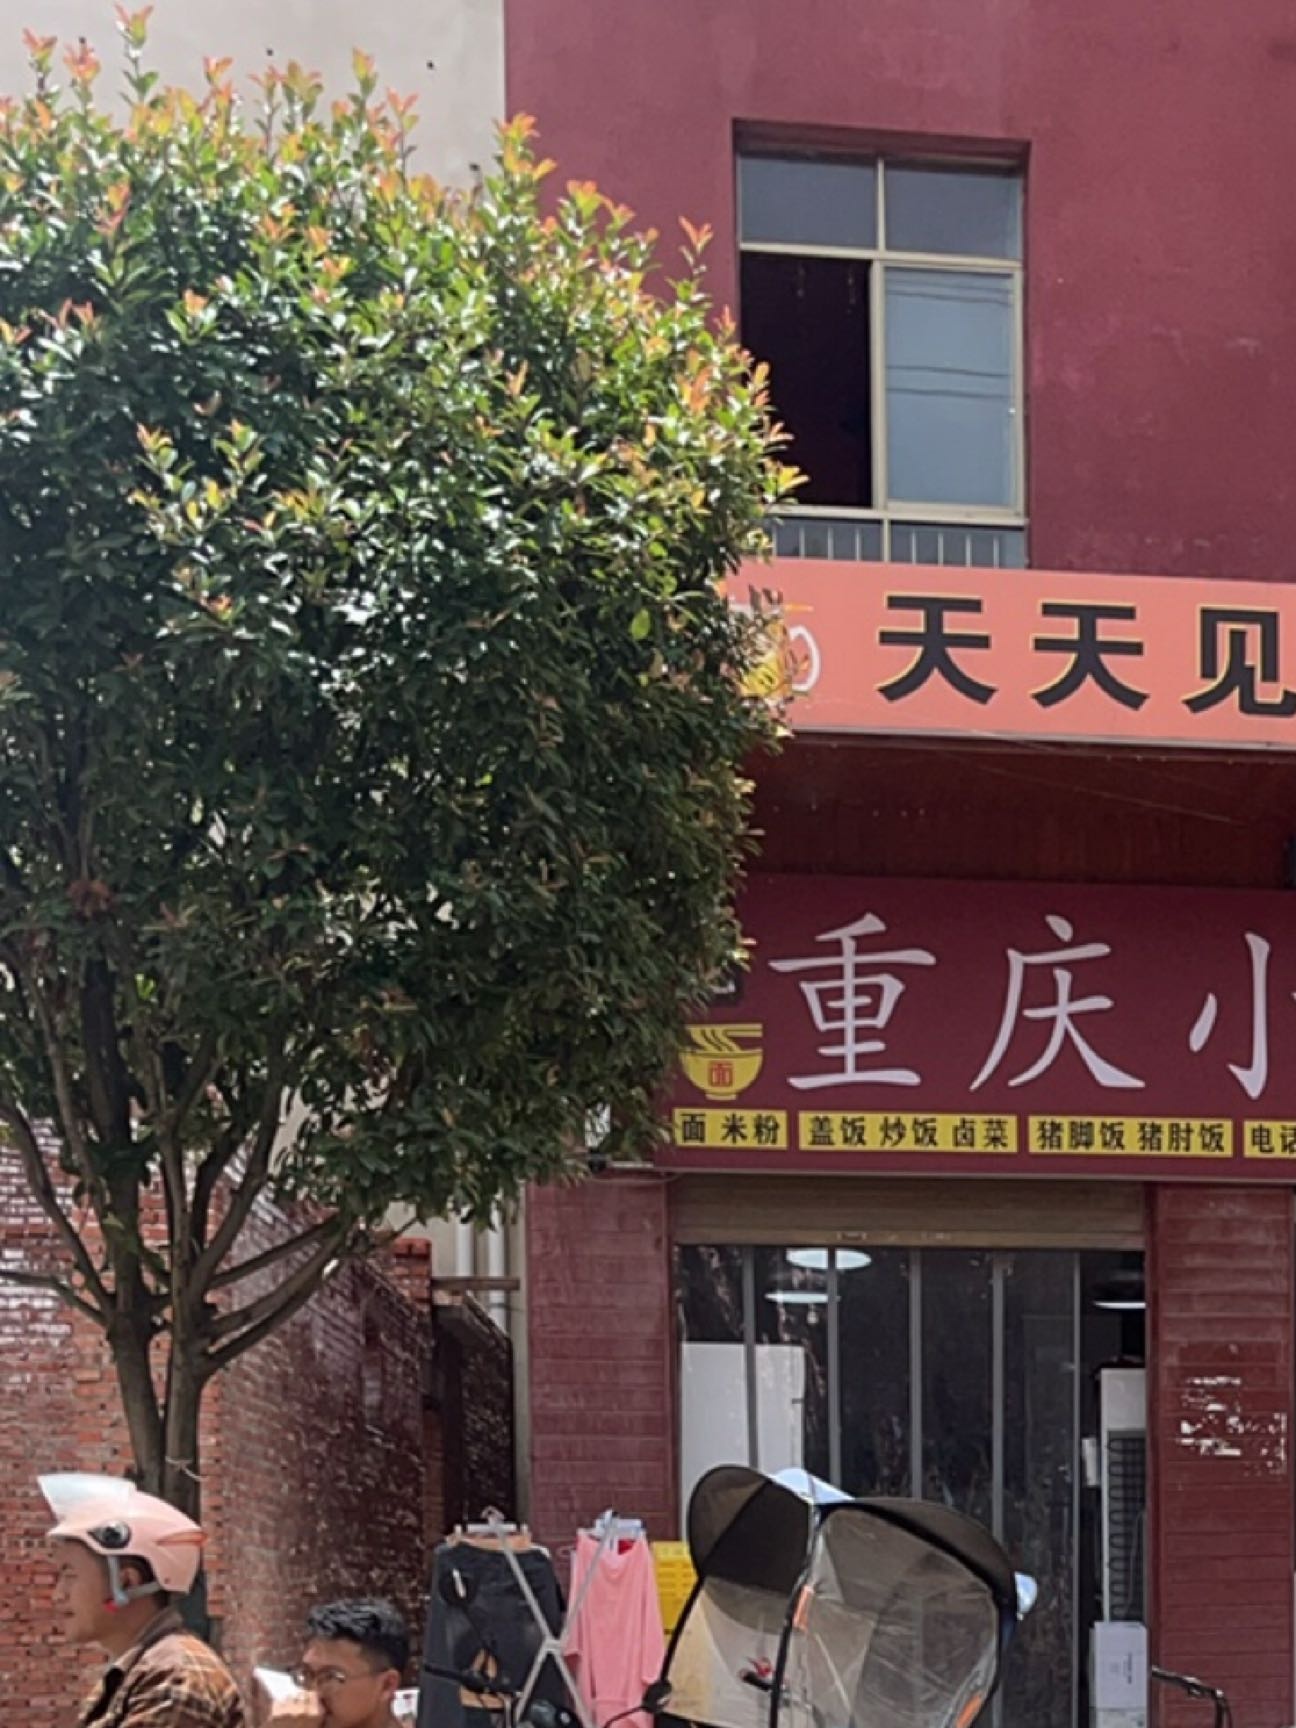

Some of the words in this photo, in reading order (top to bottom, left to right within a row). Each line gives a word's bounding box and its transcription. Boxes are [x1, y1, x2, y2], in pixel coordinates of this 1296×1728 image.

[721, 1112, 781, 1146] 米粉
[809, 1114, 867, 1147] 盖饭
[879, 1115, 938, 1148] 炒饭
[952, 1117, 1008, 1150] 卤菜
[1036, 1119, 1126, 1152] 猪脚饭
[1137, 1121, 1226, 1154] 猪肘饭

--

* [PROBLEM DETAILS] The response should consist of the entries above, given again exactly and free of pictures.

* [EXPECTED ANSWER]
Some of the words in this photo, in reading order (top to bottom, left to right within a row). Each line gives a word's bounding box and its transcription. Boxes are [x1, y1, x2, y2], in pixel coordinates of this 1296×1728 image.

[721, 1112, 781, 1146] 米粉
[809, 1114, 867, 1147] 盖饭
[879, 1115, 938, 1148] 炒饭
[952, 1117, 1008, 1150] 卤菜
[1036, 1119, 1126, 1152] 猪脚饭
[1137, 1121, 1226, 1154] 猪肘饭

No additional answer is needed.